Se sino a qualche tempo fa mi sentivo confuso ora, devo ammettere, quel sentimento è passato lasciando il posto alla perplessità.

Non mi riferisco alla stato di stupor provocato dai risultati elettorali delle amministrative di Milano e Napoli. Non ne voglio diminuire l’importanza, basti ricordare che il presidente Obama, sentito del risultato di Pisapia, ha annunciato che Israele deve accettare i confini del 1967!

La perplessità compare man mano che cresce la consapevolezza che in Italia lo Stato si è quasi definitivamente trasformato in un participio passato, così come sta accadendo per i Partiti. Cosa rimane se lo Stato è stato e il Partito è partito? Abbiamo vinto?
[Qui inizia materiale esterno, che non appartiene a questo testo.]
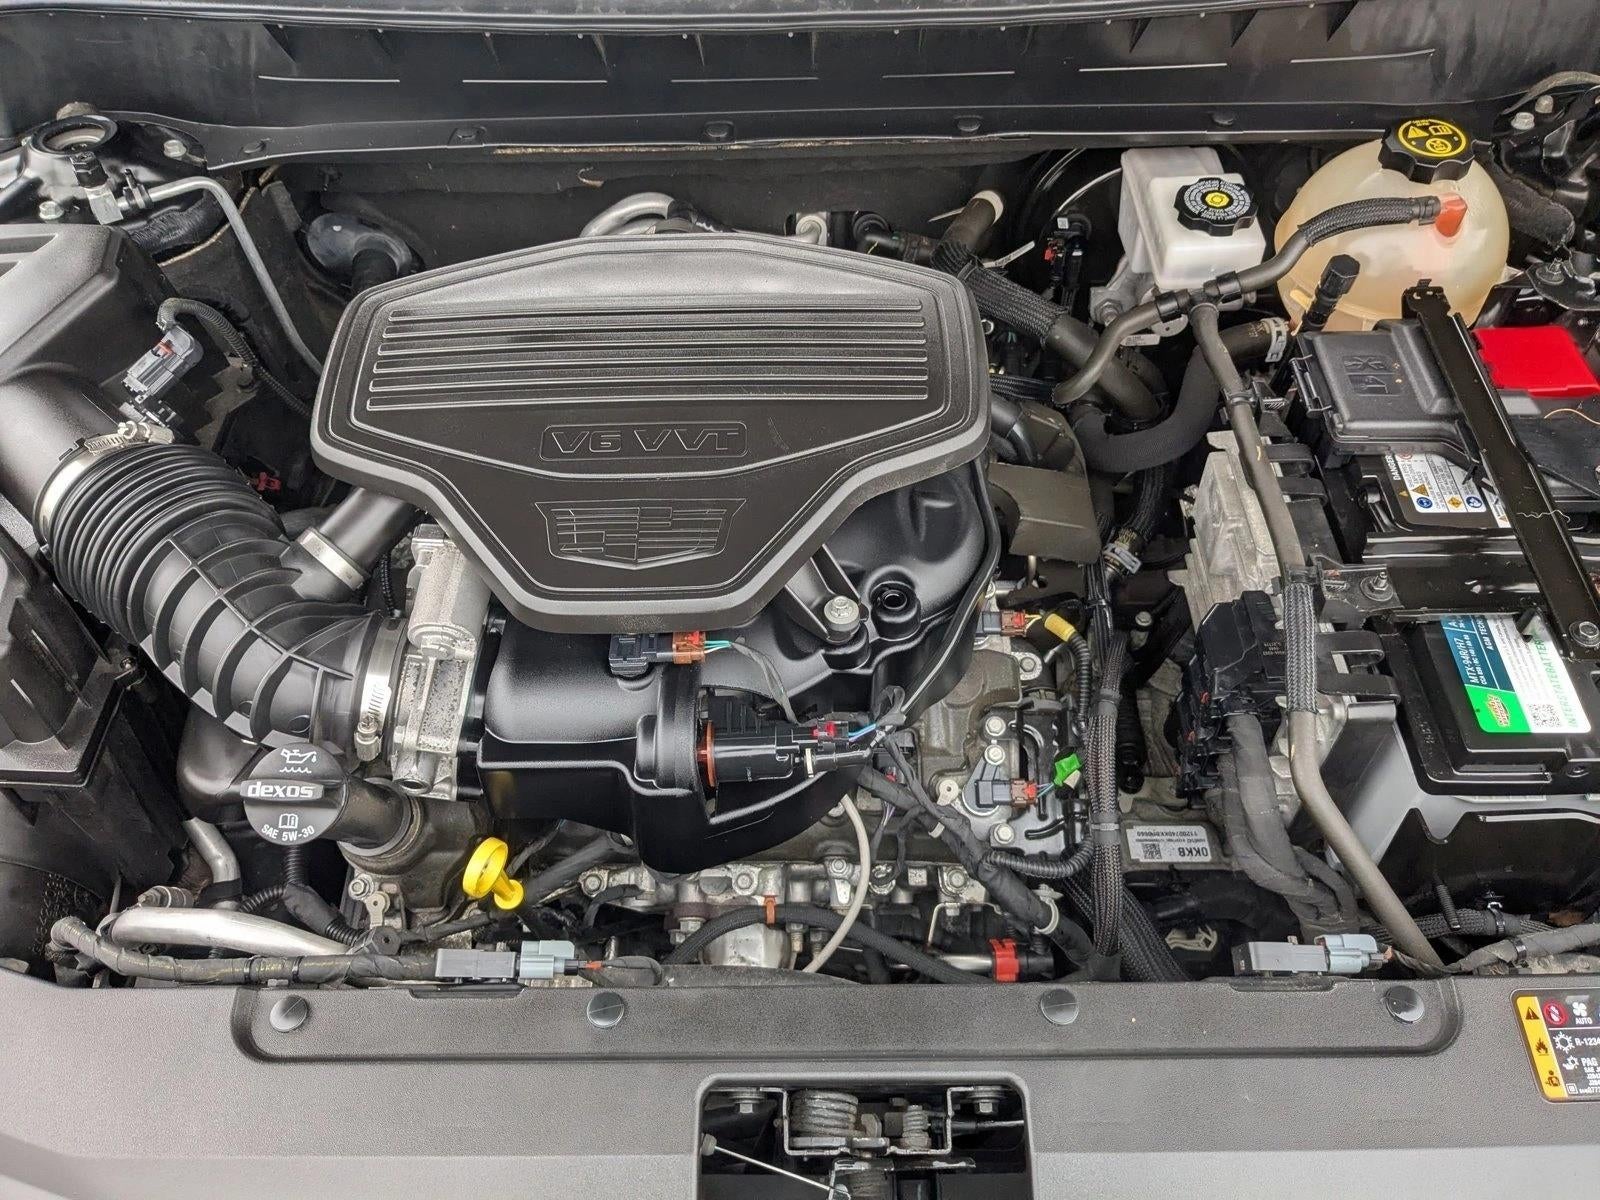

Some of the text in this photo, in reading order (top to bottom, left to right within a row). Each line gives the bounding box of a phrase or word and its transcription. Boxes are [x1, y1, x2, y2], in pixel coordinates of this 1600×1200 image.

Venditori di sogni continuano nella loro sceneggiata senza accorgersi che la scenografia è scomparsa. Che strano quando i ragazzi tunisini arrivati a Padova ci dicono che vogliono lavorare, ingenui. Li si guarda come si guarda il bambino che vuole la luna, ingenuo, non basta vederla nel pozzo per prenderla con il secchio. Loro il lavoro in Italia lo hanno visto alla tv, guardandola non avevano capito bene la situazione. Uno di loro, dopo che avevamo spiegato che anche alcuni dei volontari che li stavano aiutando erano disoccupati e gli altri, per lo più, precari, ci dice “Ma allora Berlusconi?”. Un altro, ingenuamente, mi sussurra che loro Ben Alì lo hanno cacciato proprio perché si mangiava tutto e non c’era lavoro per nessuno, nemmeno per diplomati e laureati.

Ingeui questi ragazzi che stanno vagando per l’Italia, scoprendo che qui è tutto un participio passato mentre loro parlano al futuro.